▸ **WORK ORDER**
Go through the data below and repeat it exactly, skipping each picture.

++++++++++++++++++++

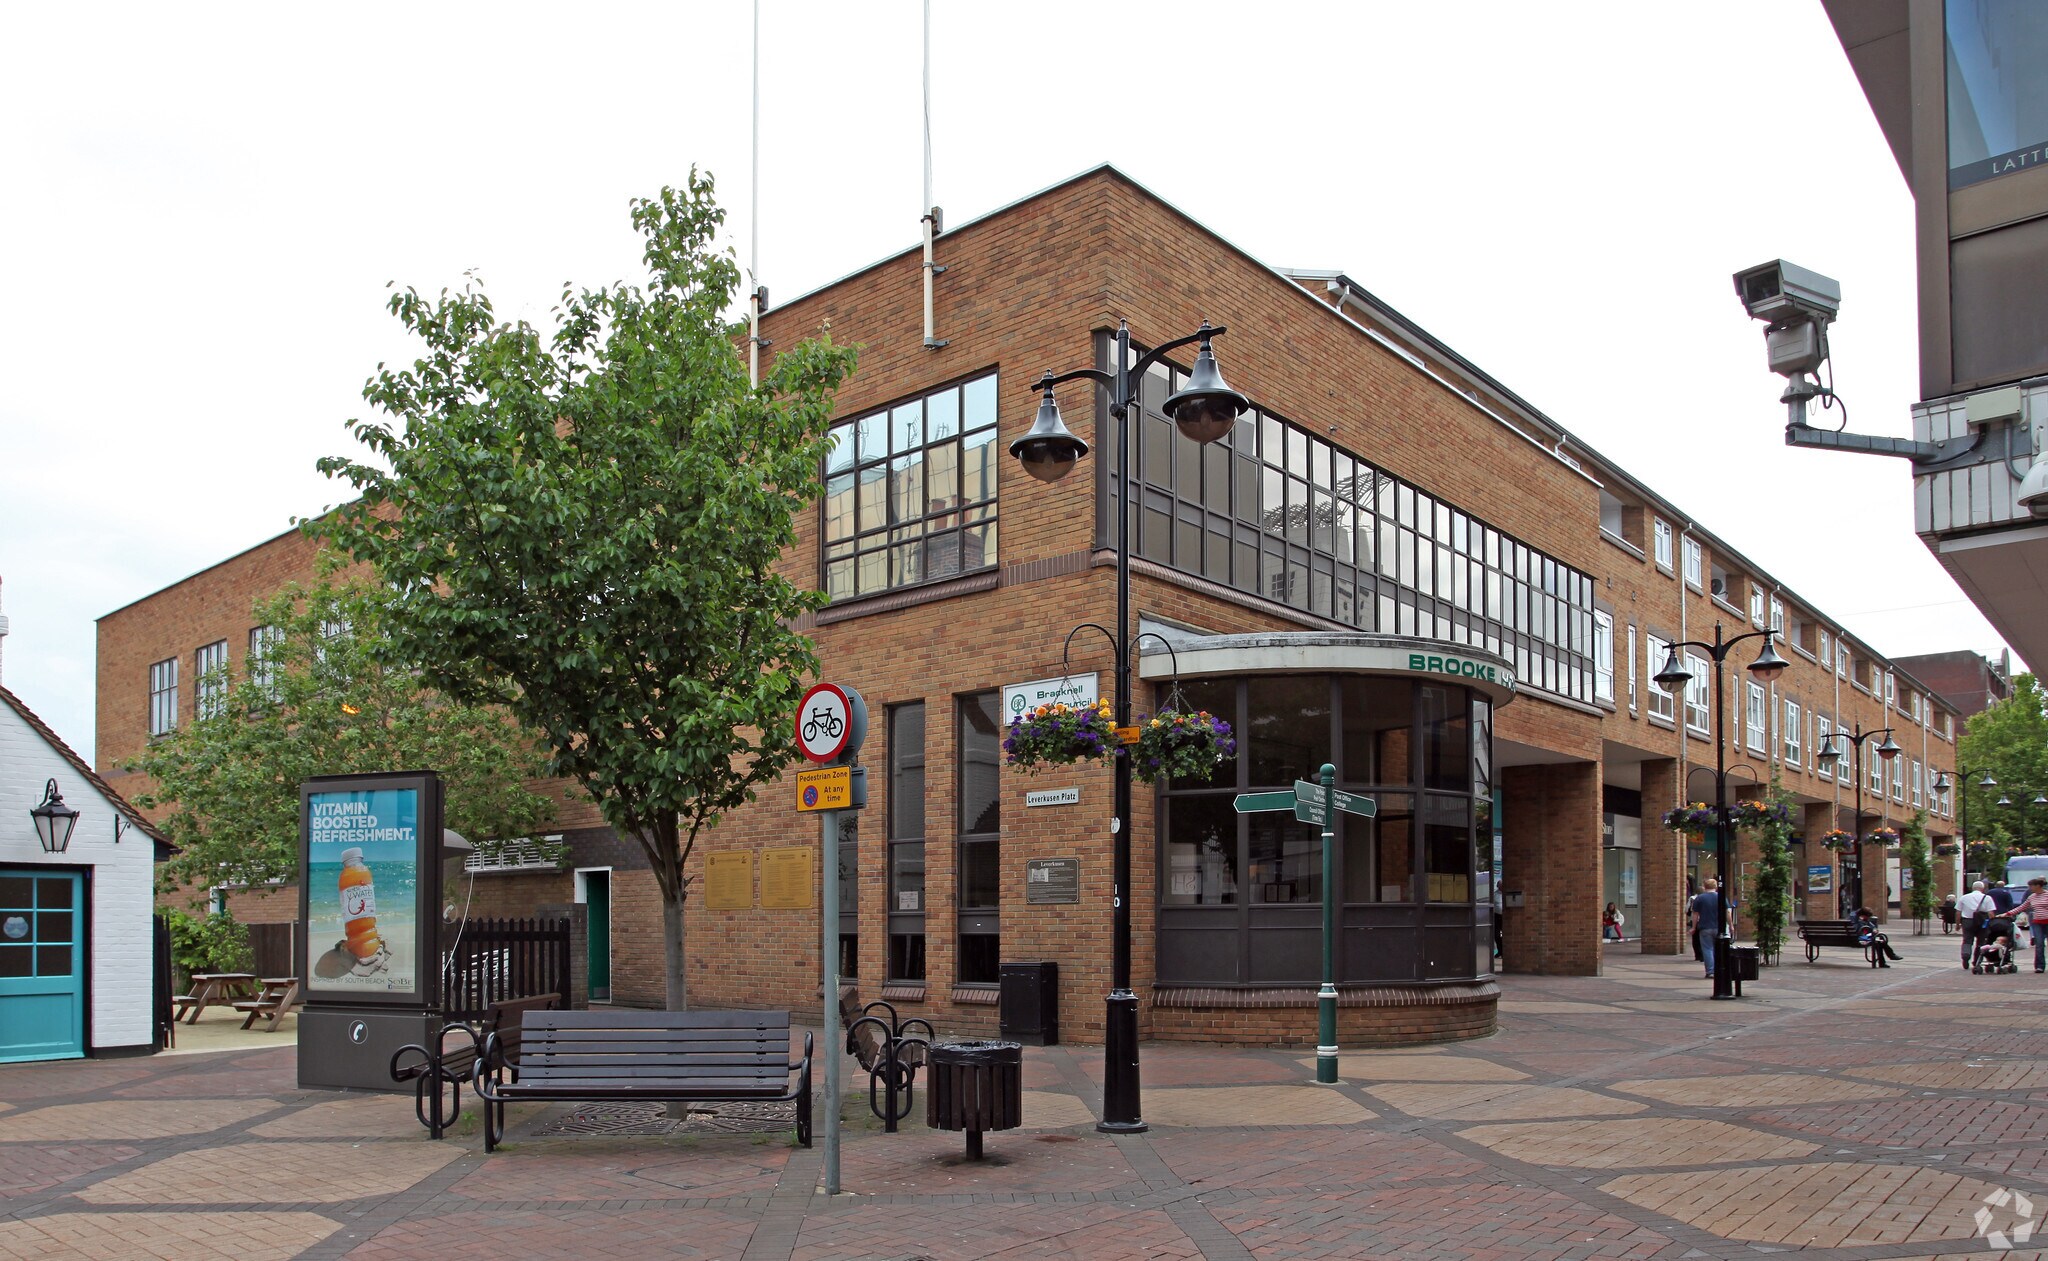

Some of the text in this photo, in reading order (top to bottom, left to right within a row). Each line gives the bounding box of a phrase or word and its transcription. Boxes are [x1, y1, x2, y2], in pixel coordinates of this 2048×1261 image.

[1409, 654, 1495, 682] BROOKE
[1036, 685, 1083, 700] Bracknell
[800, 771, 848, 782] Pedestrian Zone
[827, 794, 841, 802] time
[1028, 792, 1076, 803] Leverkusen Platz
[313, 802, 368, 816] VITAMIN
[313, 815, 378, 829] BOOSTED
[312, 828, 415, 843] REFRESHMENT.

++++++++++++++++++++

▸ **SOLUTION**
Some of the text in this photo, in reading order (top to bottom, left to right within a row). Each line gives the bounding box of a phrase or word and its transcription. Boxes are [x1, y1, x2, y2], in pixel coordinates of this 2048×1261 image.

[1409, 654, 1495, 682] BROOKE
[1036, 685, 1083, 700] Bracknell
[800, 771, 848, 782] Pedestrian Zone
[827, 794, 841, 802] time
[1028, 792, 1076, 803] Leverkusen Platz
[313, 802, 368, 816] VITAMIN
[313, 815, 378, 829] BOOSTED
[312, 828, 415, 843] REFRESHMENT.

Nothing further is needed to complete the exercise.